■ What to do
The records beneath should be restated word for word.

■ Data for this exercise
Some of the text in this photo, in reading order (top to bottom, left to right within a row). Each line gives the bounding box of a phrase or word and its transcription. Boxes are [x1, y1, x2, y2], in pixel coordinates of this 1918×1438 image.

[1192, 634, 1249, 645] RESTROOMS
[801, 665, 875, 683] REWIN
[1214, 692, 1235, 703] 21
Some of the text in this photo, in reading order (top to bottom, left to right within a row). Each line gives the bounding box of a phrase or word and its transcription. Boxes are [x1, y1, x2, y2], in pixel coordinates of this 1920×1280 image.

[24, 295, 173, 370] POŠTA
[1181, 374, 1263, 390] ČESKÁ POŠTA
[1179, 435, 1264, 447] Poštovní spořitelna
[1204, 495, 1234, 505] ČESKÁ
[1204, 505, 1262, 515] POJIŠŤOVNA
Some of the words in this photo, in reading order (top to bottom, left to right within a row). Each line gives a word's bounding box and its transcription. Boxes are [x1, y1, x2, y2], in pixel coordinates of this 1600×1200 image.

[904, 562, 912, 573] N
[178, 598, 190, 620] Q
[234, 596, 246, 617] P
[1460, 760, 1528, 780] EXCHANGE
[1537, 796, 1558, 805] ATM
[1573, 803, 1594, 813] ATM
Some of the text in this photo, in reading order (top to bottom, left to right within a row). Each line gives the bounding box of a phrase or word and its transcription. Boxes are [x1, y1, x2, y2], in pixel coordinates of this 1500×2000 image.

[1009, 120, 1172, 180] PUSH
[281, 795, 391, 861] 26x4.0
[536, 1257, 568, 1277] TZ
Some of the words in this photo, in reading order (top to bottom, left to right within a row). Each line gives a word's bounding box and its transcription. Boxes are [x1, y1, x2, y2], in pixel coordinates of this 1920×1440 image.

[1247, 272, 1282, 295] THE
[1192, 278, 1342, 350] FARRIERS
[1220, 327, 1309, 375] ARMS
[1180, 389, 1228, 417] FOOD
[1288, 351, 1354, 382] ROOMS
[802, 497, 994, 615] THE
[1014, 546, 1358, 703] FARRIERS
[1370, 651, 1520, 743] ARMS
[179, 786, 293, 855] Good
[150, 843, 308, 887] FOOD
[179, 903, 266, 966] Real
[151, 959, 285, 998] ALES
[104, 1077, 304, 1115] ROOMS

■ Task solution
Some of the text in this photo, in reading order (top to bottom, left to right within a row). Each line gives the bounding box of a phrase or word and its transcription. Boxes are [x1, y1, x2, y2], in pixel coordinates of this 1918×1438 image.

[1192, 634, 1249, 645] RESTROOMS
[801, 665, 875, 683] REWIN
[1214, 692, 1235, 703] 21
Some of the text in this photo, in reading order (top to bottom, left to right within a row). Each line gives the bounding box of a phrase or word and its transcription. Boxes are [x1, y1, x2, y2], in pixel coordinates of this 1920×1280 image.

[24, 295, 173, 370] POŠTA
[1181, 374, 1263, 390] ČESKÁ POŠTA
[1179, 435, 1264, 447] Poštovní spořitelna
[1204, 495, 1234, 505] ČESKÁ
[1204, 505, 1262, 515] POJIŠŤOVNA
Some of the words in this photo, in reading order (top to bottom, left to right within a row). Each line gives a word's bounding box and its transcription. Boxes are [x1, y1, x2, y2], in pixel coordinates of this 1600×1200 image.

[904, 562, 912, 573] N
[178, 598, 190, 620] Q
[234, 596, 246, 617] P
[1460, 760, 1528, 780] EXCHANGE
[1537, 796, 1558, 805] ATM
[1573, 803, 1594, 813] ATM
Some of the text in this photo, in reading order (top to bottom, left to right within a row). Each line gives the bounding box of a phrase or word and its transcription. Boxes are [x1, y1, x2, y2], in pixel coordinates of this 1500×2000 image.

[1009, 120, 1172, 180] PUSH
[281, 795, 391, 861] 26x4.0
[536, 1257, 568, 1277] TZ
Some of the words in this photo, in reading order (top to bottom, left to right within a row). Each line gives a word's bounding box and its transcription. Boxes are [x1, y1, x2, y2], in pixel coordinates of this 1920×1440 image.

[1247, 272, 1282, 295] THE
[1192, 278, 1342, 350] FARRIERS
[1220, 327, 1309, 375] ARMS
[1180, 389, 1228, 417] FOOD
[1288, 351, 1354, 382] ROOMS
[802, 497, 994, 615] THE
[1014, 546, 1358, 703] FARRIERS
[1370, 651, 1520, 743] ARMS
[179, 786, 293, 855] Good
[150, 843, 308, 887] FOOD
[179, 903, 266, 966] Real
[151, 959, 285, 998] ALES
[104, 1077, 304, 1115] ROOMS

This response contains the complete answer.